Sporadic Bugs ? These are very hard bug types that happen sporadically over a period of time. For example, you might have a system crash once every 3 months with no way to repeat it. The cause of such bugs can be very complicated; for example, a buffer overrun in one piece of code can cause corruption and crash in another place hours later. There are a number of diagnostic tools that exist for such bugs, but generally they take quite awhile to resolve. In addition, without a repeatable test case, it is often impossible to verify that the proposed fix actually resolves the bug.

Environmental Bugs ? Some bugs are caused by what can be called your environment. It could be some hardware bugs or incompatibilities, a build not quite compatible with your version of  operating system, operating system bugs, etc. In some cases we can very clearly point to the environment problems. In others we can suspect the environment is an issue and we may ask you to see if the bug also happens in another environment, such as different hardware or OS installation.

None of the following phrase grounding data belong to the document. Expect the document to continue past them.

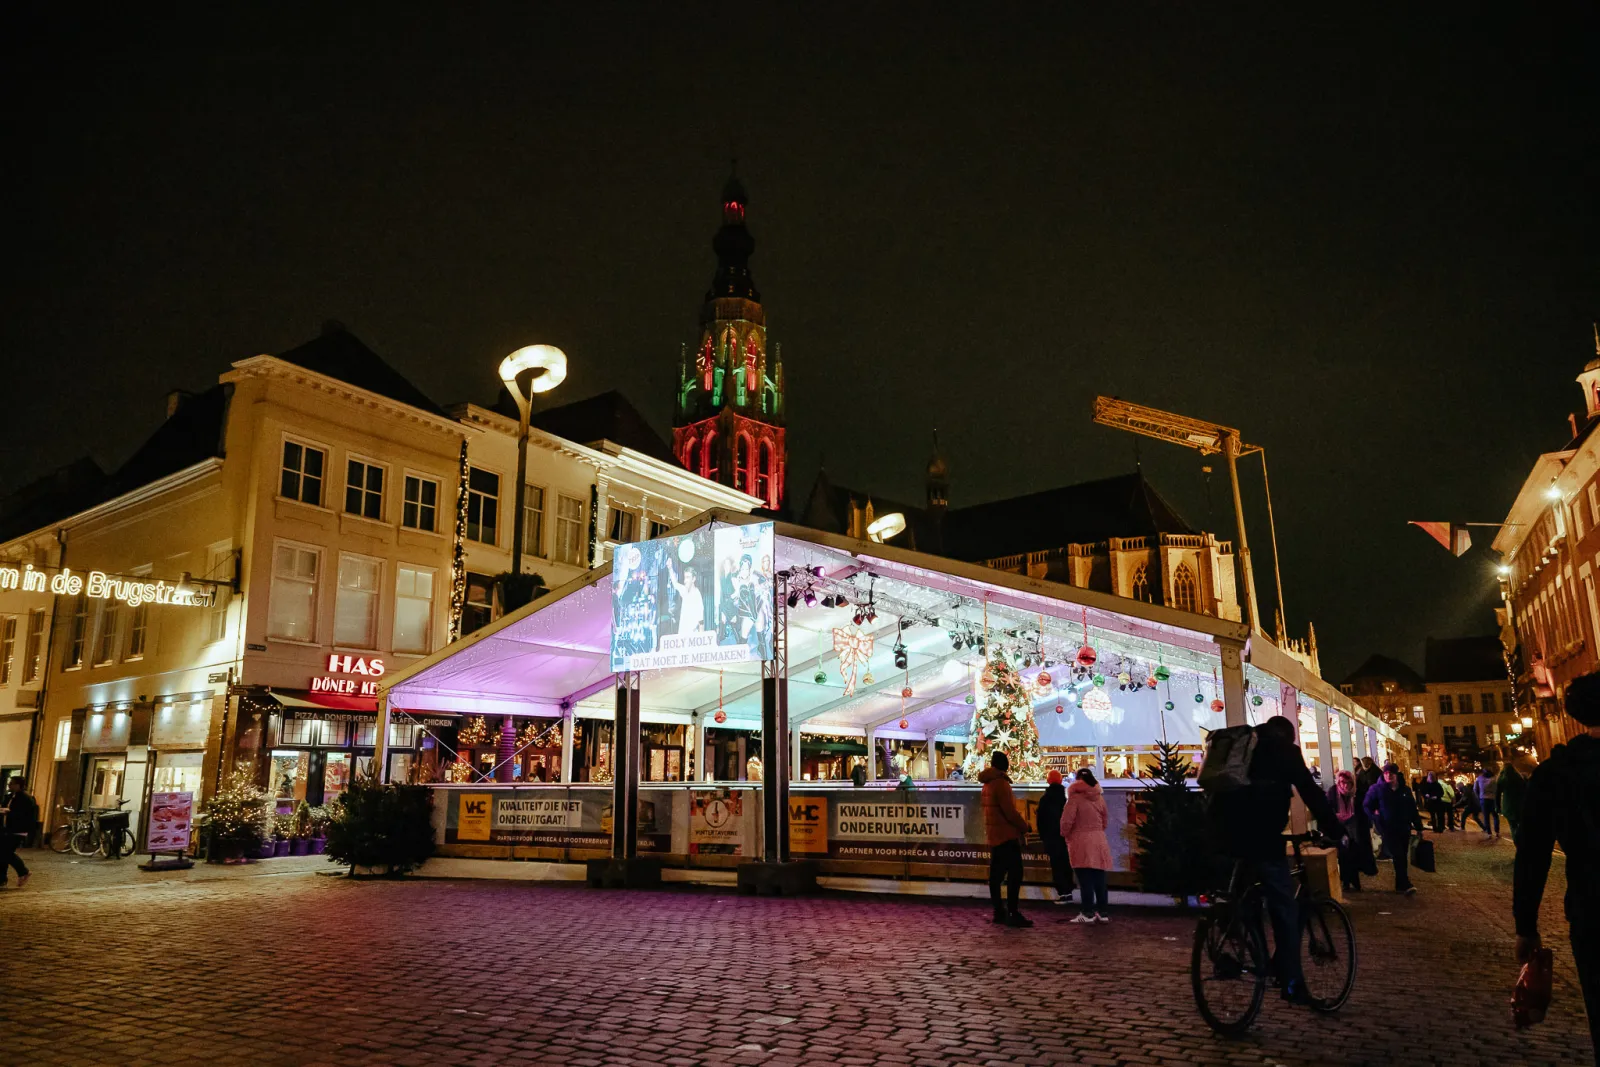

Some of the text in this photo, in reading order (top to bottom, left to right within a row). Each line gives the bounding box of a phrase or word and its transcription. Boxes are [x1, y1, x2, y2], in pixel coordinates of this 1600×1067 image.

[22, 564, 47, 592] in
[51, 568, 82, 596] de
[663, 635, 714, 650] HOLY MOLY
[329, 654, 385, 677] HAS
[633, 650, 746, 668] DAT MOET JE MEEMAKEN!
[361, 681, 377, 695] KE
[294, 711, 319, 720] PIZZA
[353, 714, 377, 723] KEBA
[389, 716, 417, 725] ALAFEL
[423, 718, 453, 727] CHICKEN
[465, 800, 487, 814] VHC
[500, 801, 543, 812] KWALITEIT
[544, 801, 559, 812] DIE
[840, 805, 961, 819] KWALITEIT DIE NIET
[839, 821, 940, 836] ONDERUITGAAT!
[839, 847, 873, 855] PARTNER
[875, 848, 897, 856] VOOR
[938, 850, 992, 859] GROOTVERBR
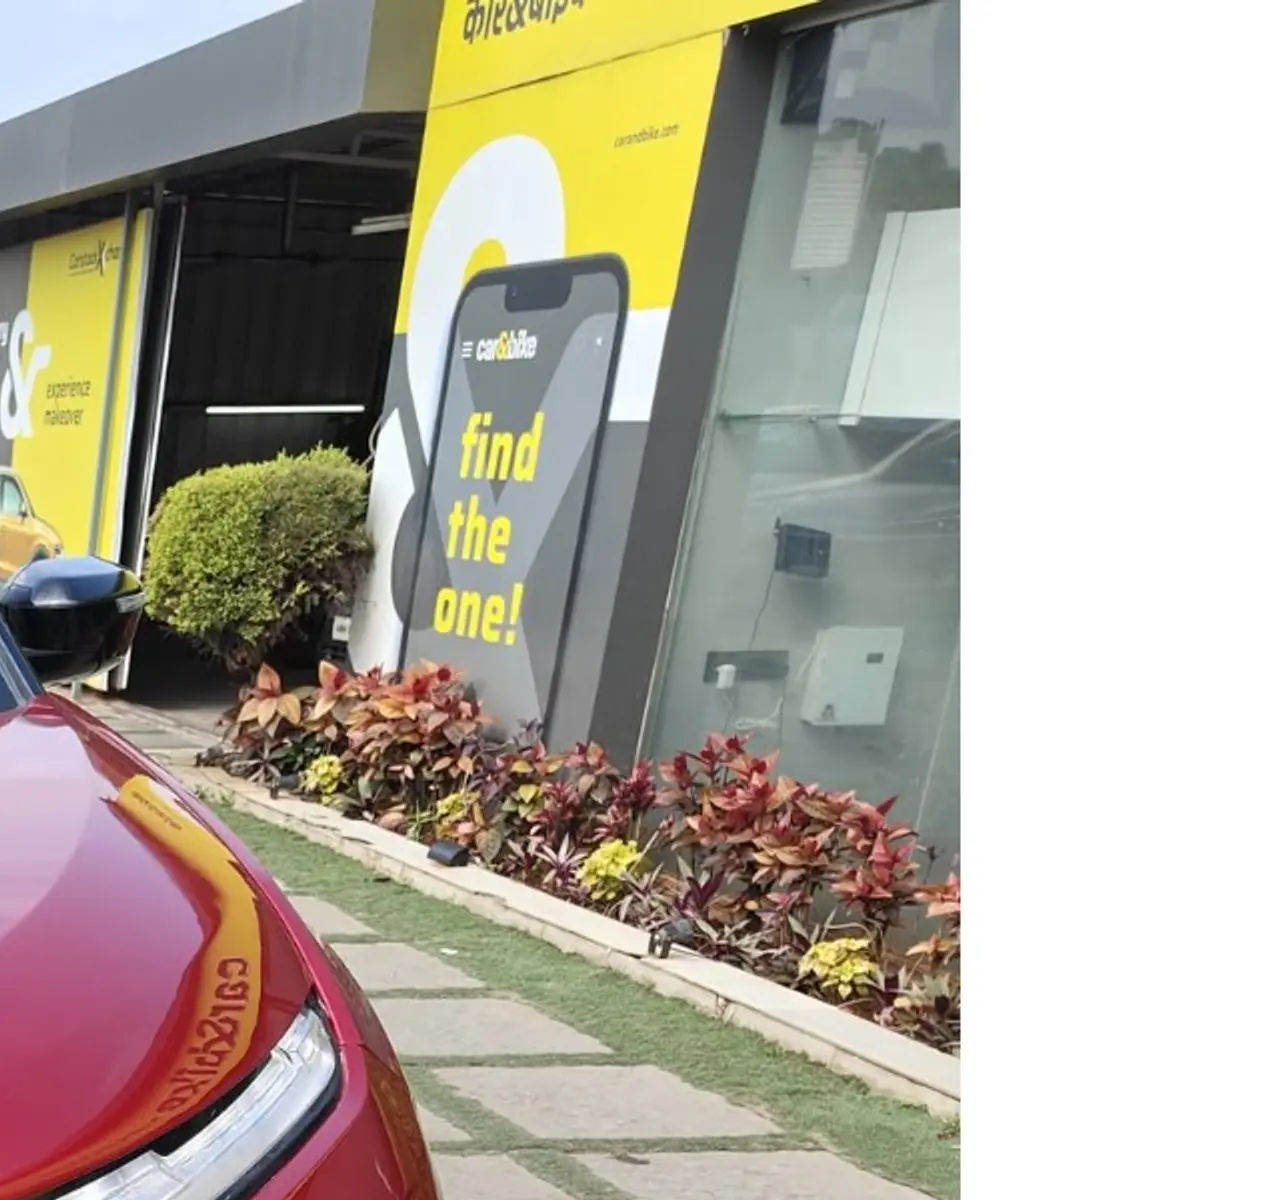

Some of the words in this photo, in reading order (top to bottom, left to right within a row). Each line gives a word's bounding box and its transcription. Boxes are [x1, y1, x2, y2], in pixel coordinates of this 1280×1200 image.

[613, 124, 678, 148] carandbike.com
[476, 329, 538, 361] car&bike
[46, 380, 91, 403] experience
[43, 408, 84, 427] makeover
[459, 411, 545, 482] find
[446, 495, 512, 564] the
[433, 582, 524, 645] one!
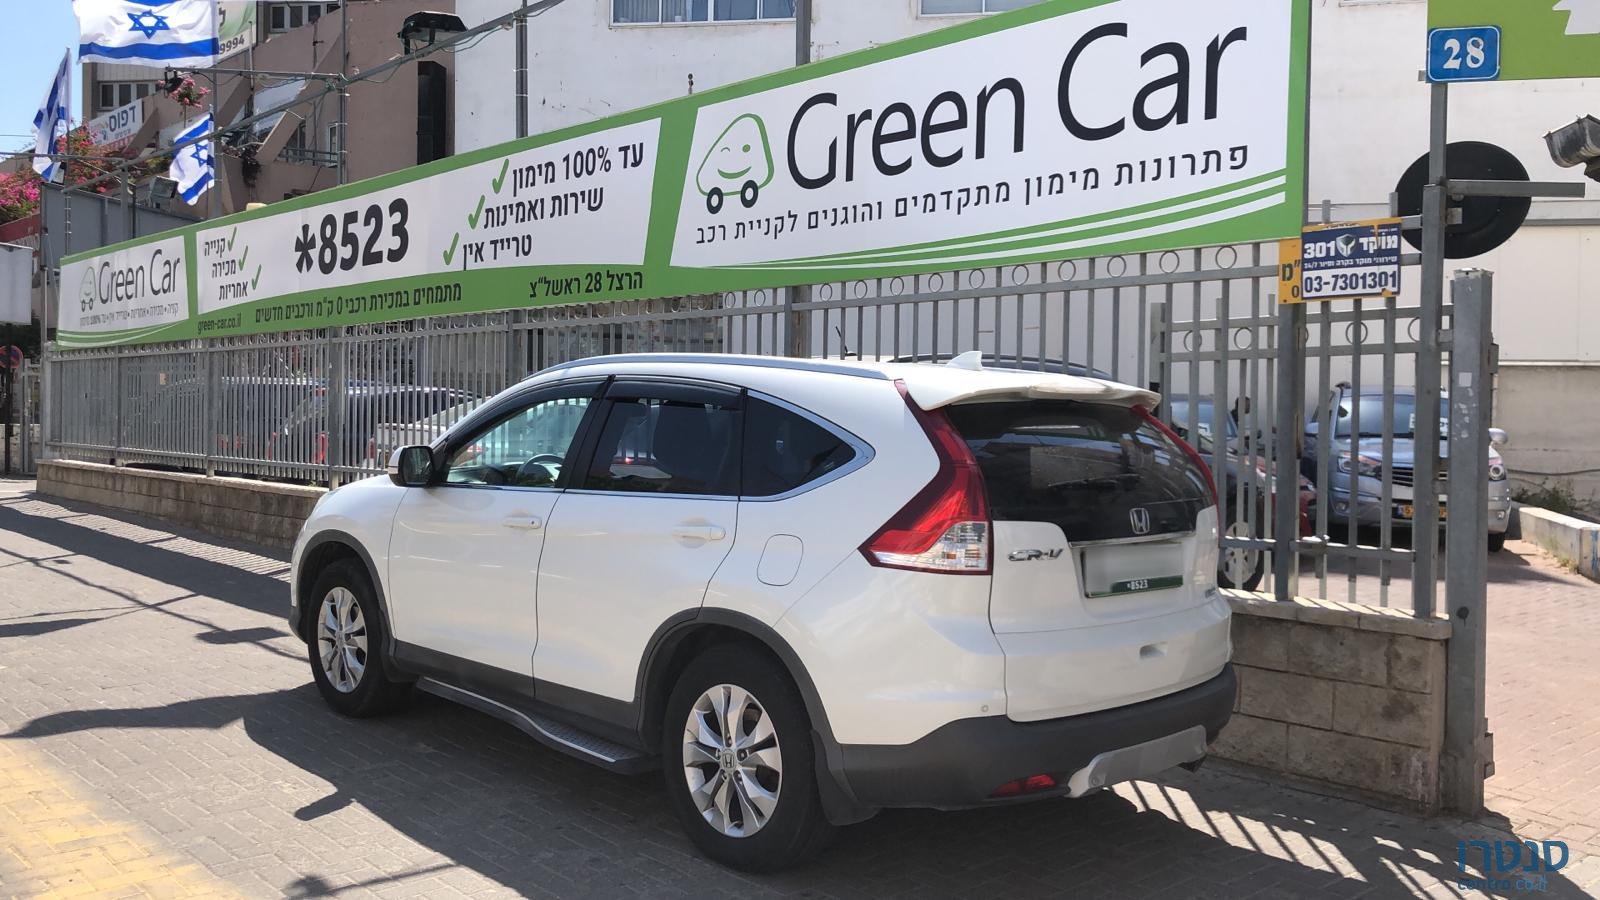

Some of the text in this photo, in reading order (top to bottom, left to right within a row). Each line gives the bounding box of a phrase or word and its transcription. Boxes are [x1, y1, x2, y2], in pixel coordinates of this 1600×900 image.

[1443, 37, 1485, 70] 28
[787, 22, 1248, 190] Green Car
[109, 105, 136, 132] דפוס
[513, 142, 644, 197] עד 100% מימון
[696, 145, 1248, 245] פתרונות מימון מתקדמים והוגנים לקניית רכב
[484, 187, 604, 229] שירות ואמינות
[204, 238, 226, 258] קנייה
[463, 234, 532, 271] טרייד אין
[1304, 241, 1336, 259] 301
[99, 249, 181, 304] Green Car
[212, 259, 237, 278] מכירה
[219, 281, 248, 301] אחריות
[585, 272, 602, 293] 28
[607, 270, 643, 291] הרצל
[1304, 270, 1397, 293] 03-7301301
[346, 296, 367, 314] רכבי
[370, 290, 410, 312] במכירת
[414, 283, 461, 305] מתמחים
[255, 306, 283, 323] חדשים
[286, 304, 313, 320] ורכבים
[198, 312, 242, 335] green-car.co.il
[1008, 549, 1063, 561] CR-V

Hot Fixes ? As our default policy we fix bugs in the next release of our software so it can go through the full QA cycle, be properly documented, etc. If you have implemented a workaround and you can wait until the next release, this is the best choice. If not, with the Percona Platinum Support contract, we can provide you with a hotfix that is a special build containing the version of the software you’re running, and with only the bug fix of interest applied. Hotfixes are especially helpful if you’re not looking to do a full software upgrade – requiring several revisions – but want to validate the fix with the minimum possible changes. Hotfixes might also be different from the final bug fix that goes into the GA release. With hotfixes, our goal is to provide a working solution for you faster. Afterward we may optimize or re-architect the code, come up with better option names, etc.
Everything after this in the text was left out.